BEGIN
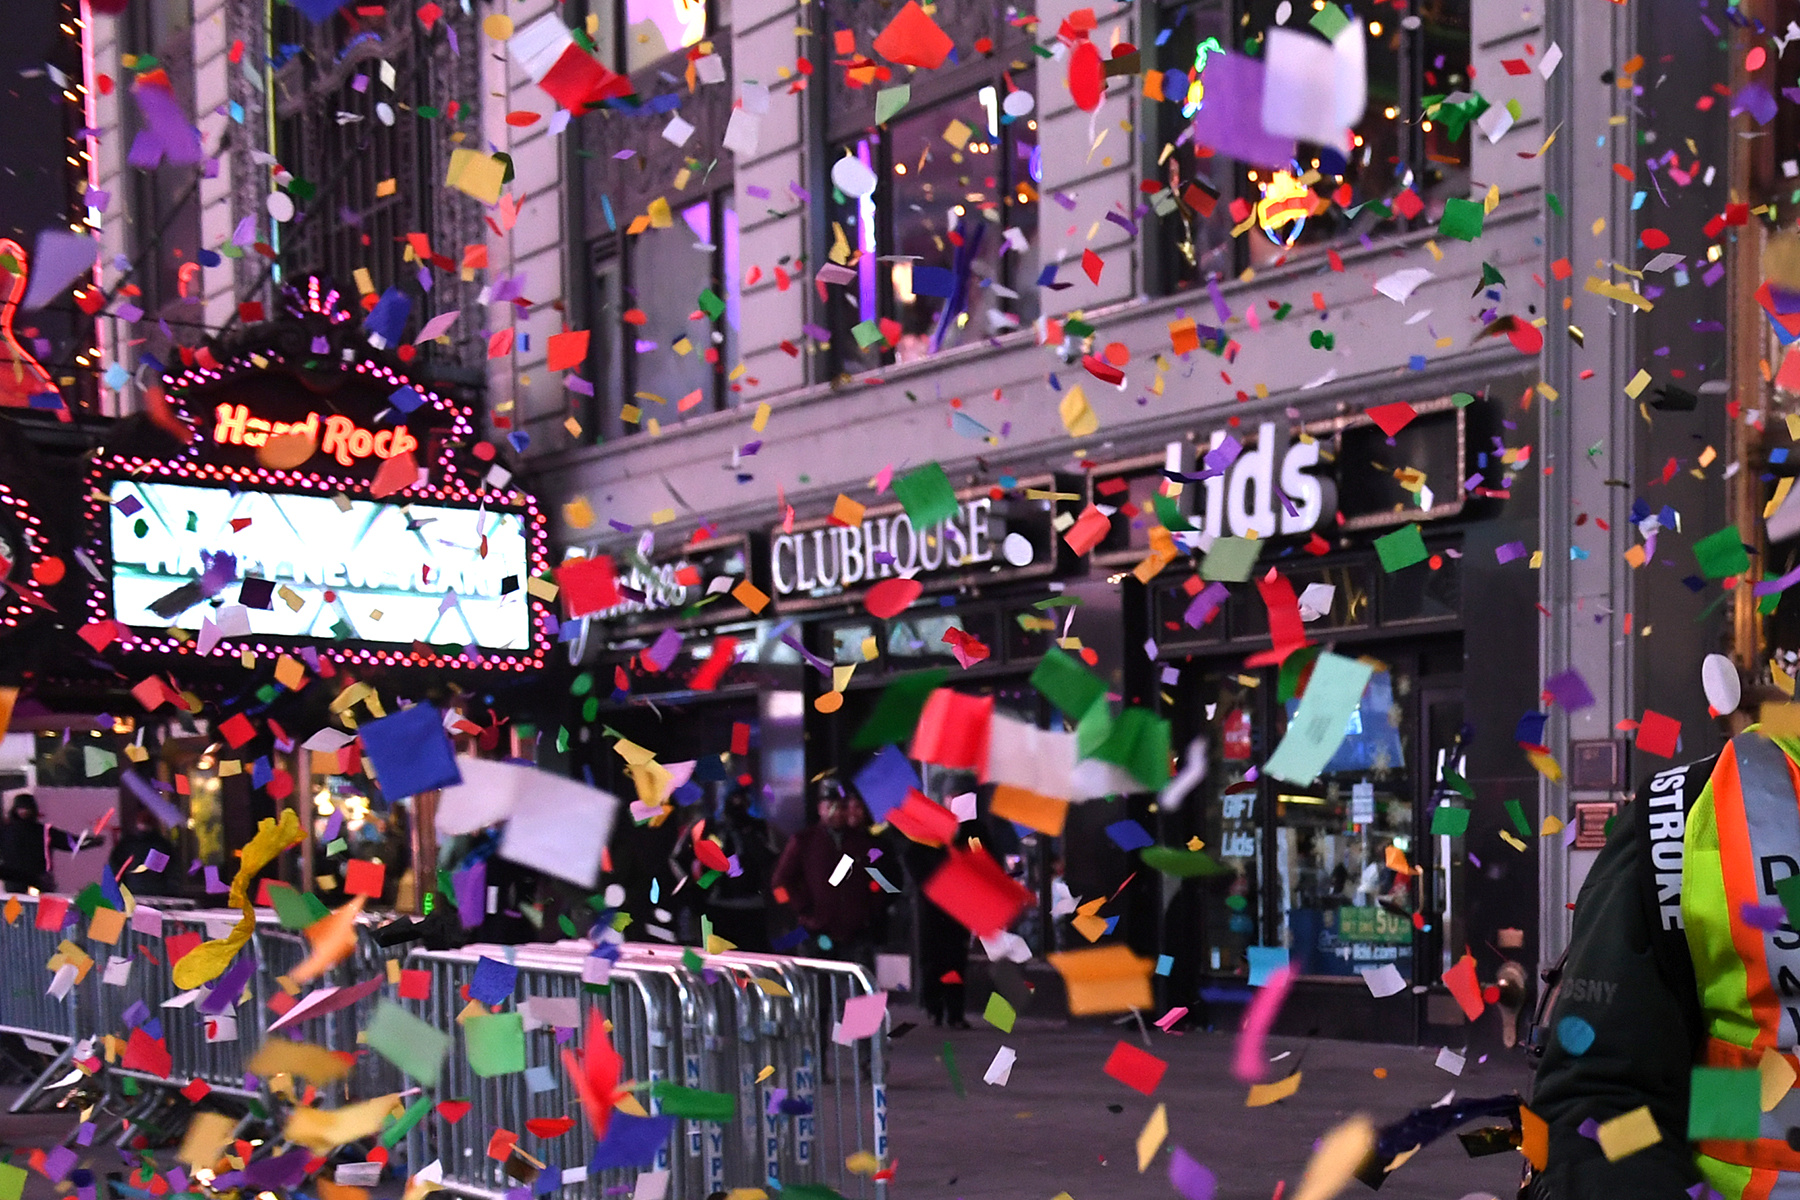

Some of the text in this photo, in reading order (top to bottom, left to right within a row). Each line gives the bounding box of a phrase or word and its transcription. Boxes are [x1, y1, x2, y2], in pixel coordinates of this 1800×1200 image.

[214, 402, 418, 466] Hard Rock
[771, 497, 994, 595] CLUBHOUSE
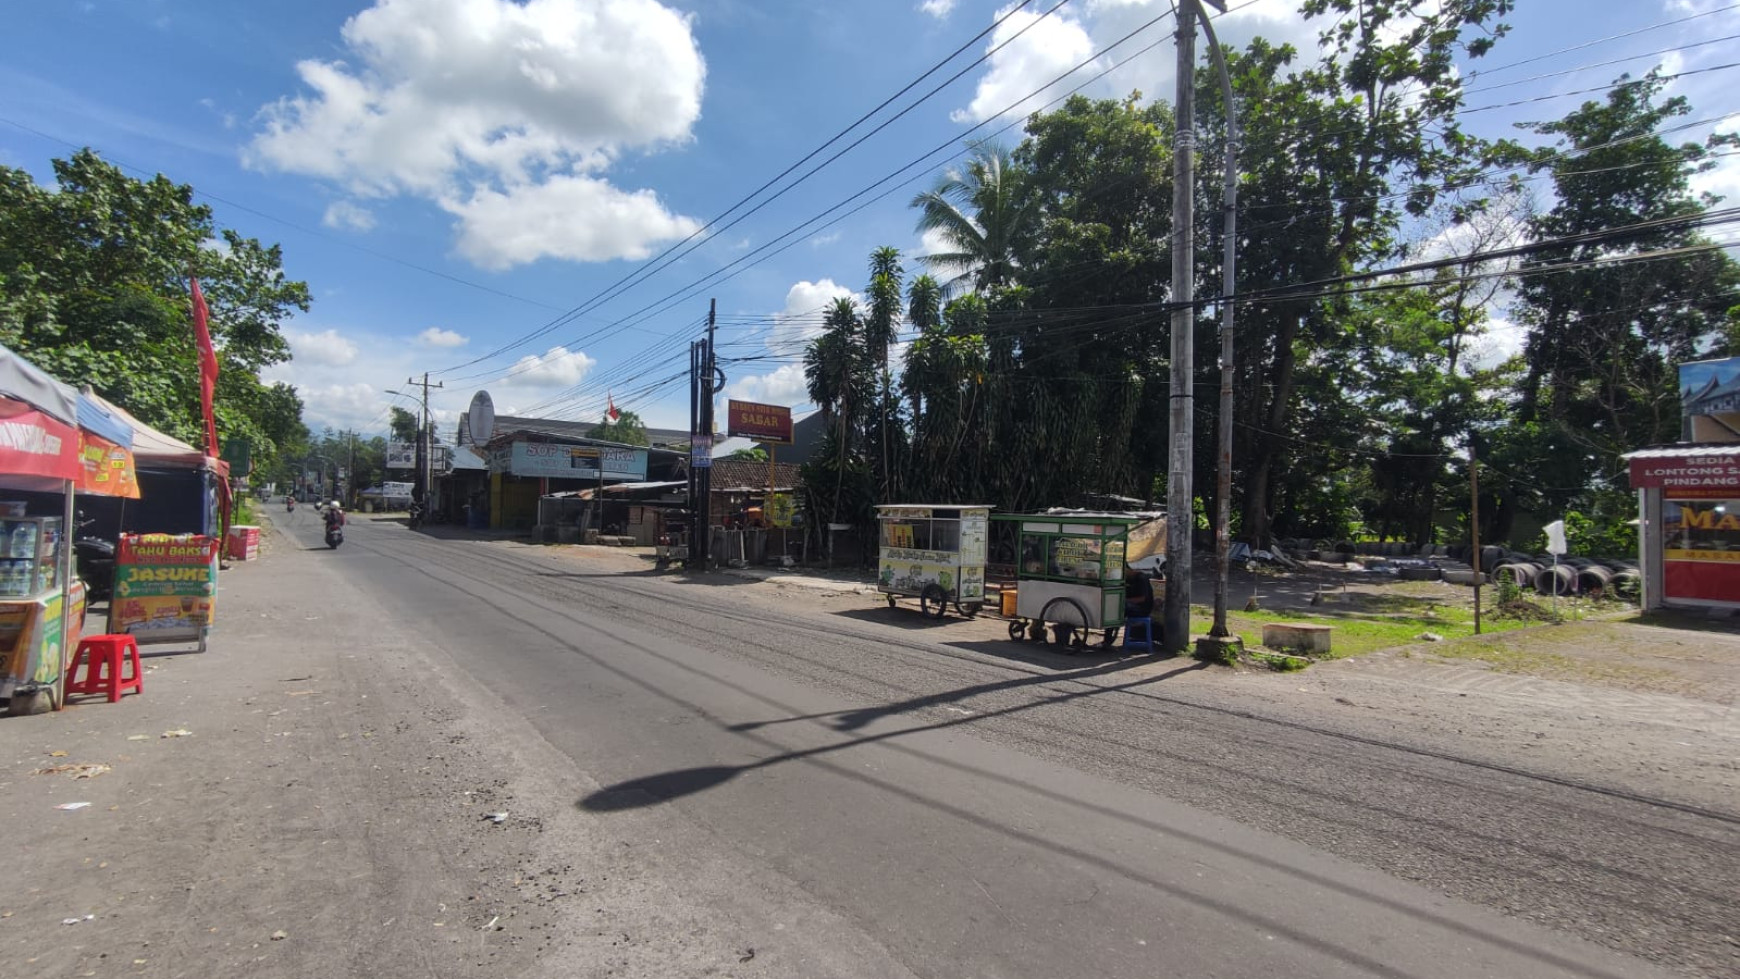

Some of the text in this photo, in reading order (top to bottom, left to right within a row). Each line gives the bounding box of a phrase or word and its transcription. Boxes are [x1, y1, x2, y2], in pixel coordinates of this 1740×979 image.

[741, 412, 778, 427] SABAR
[527, 443, 558, 457] SOP
[1686, 457, 1735, 465] SEDIA
[1645, 467, 1724, 476] LONTONG
[1664, 477, 1738, 485] PINDANG
[131, 545, 165, 556] TAHU
[127, 567, 209, 582] JASUKE
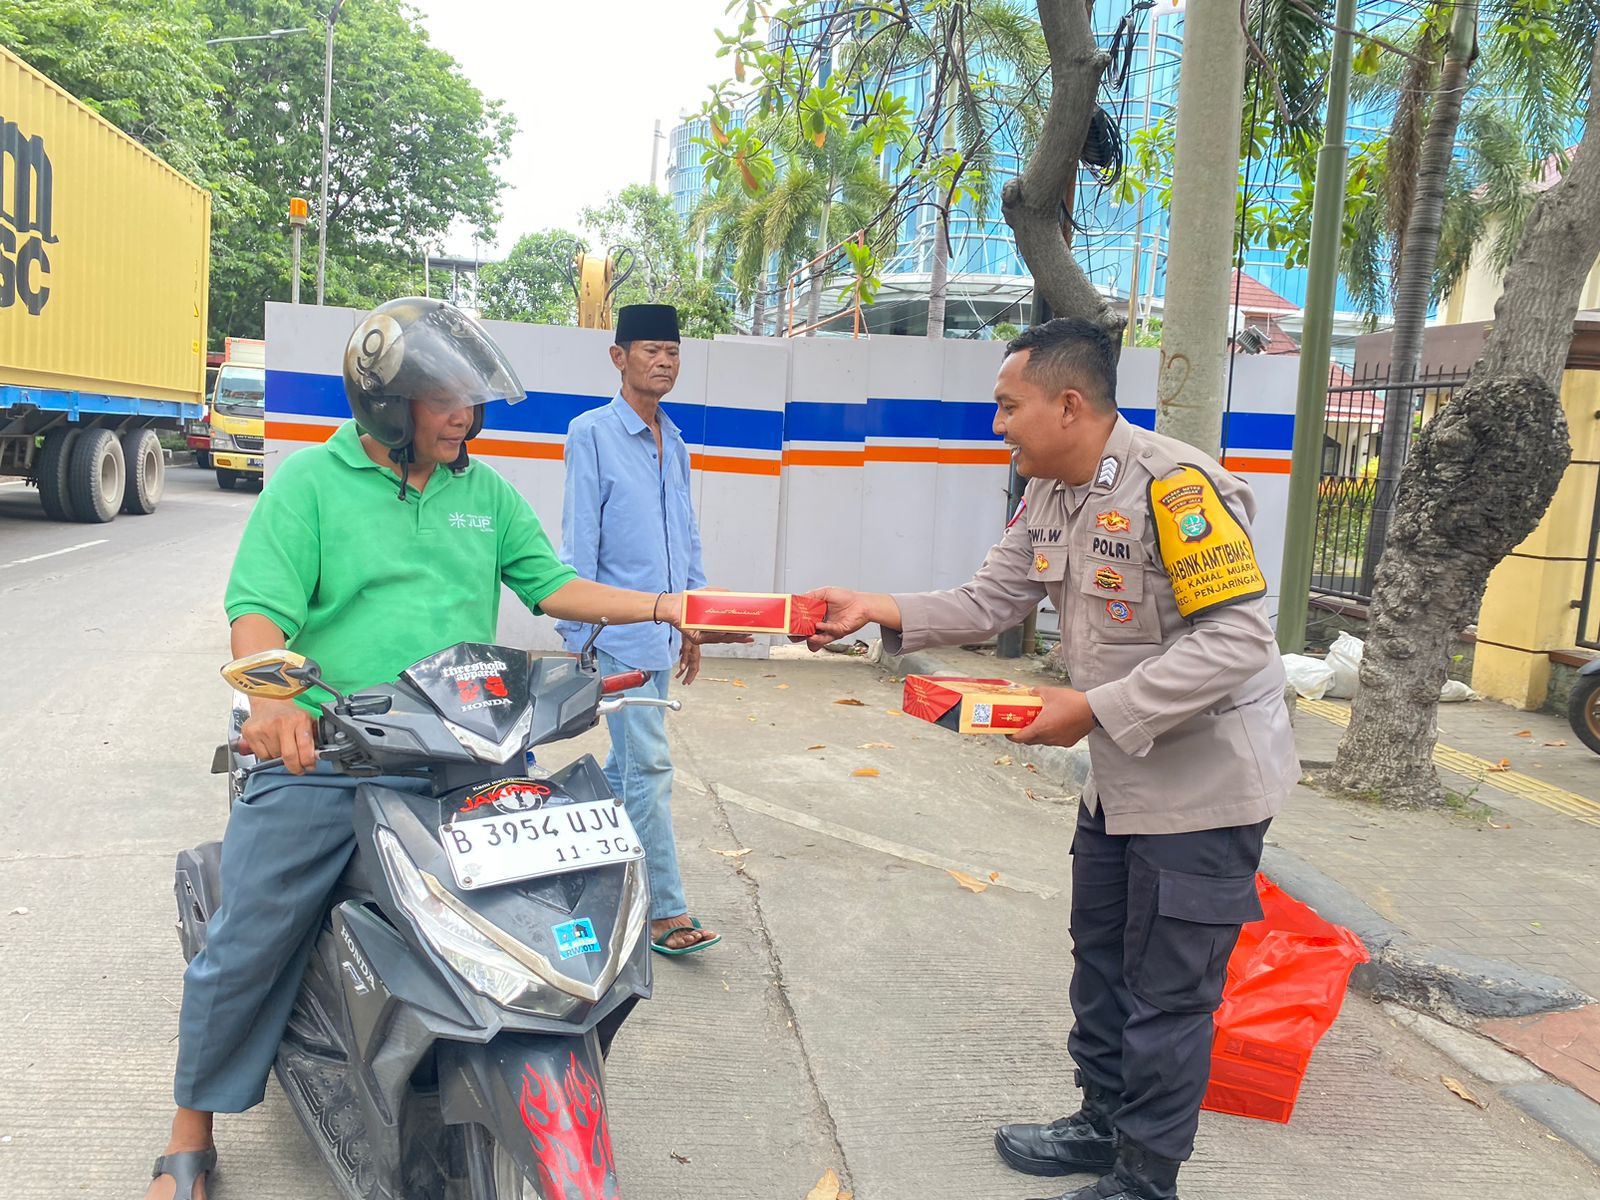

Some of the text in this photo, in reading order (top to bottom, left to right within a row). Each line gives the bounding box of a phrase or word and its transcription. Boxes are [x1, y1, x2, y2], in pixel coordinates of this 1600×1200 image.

[1093, 537, 1131, 559] POLRI
[1187, 571, 1224, 589] KAMAL
[442, 660, 508, 677] threshold
[456, 669, 500, 681] apparel
[461, 697, 513, 712] HONDA
[459, 784, 552, 813] JAKPRO
[451, 807, 620, 854] B 3954 UJV
[341, 924, 376, 991] HONDA
END
## WHAT YOU ARE ASKED TO DO
The final stretch of the data, from the line with "this 1740×979 image." through its last line, is to be retyped exactly; pictures are not part of the copy.

## RESULT OF THE EXERCISE
Some of the text in this photo, in reading order (top to bottom, left to right within a row). Each line gives the bounding box of a phrase or word and its transcription. Boxes are [x1, y1, x2, y2], in pixel coordinates of this 1740×979 image.

[741, 412, 778, 427] SABAR
[527, 443, 558, 457] SOP
[1686, 457, 1735, 465] SEDIA
[1645, 467, 1724, 476] LONTONG
[1664, 477, 1738, 485] PINDANG
[131, 545, 165, 556] TAHU
[127, 567, 209, 582] JASUKE

Some of the text in this photo, in reading order (top to bottom, left to right within a row). Each line gives the bounding box of a phrase or word and its transcription. Boxes are [x1, y1, x2, y2], in pixel coordinates of this 1600×1200 image.

[1093, 537, 1131, 559] POLRI
[1187, 571, 1224, 589] KAMAL
[442, 660, 508, 677] threshold
[456, 669, 500, 681] apparel
[461, 697, 513, 712] HONDA
[459, 784, 552, 813] JAKPRO
[451, 807, 620, 854] B 3954 UJV
[341, 924, 376, 991] HONDA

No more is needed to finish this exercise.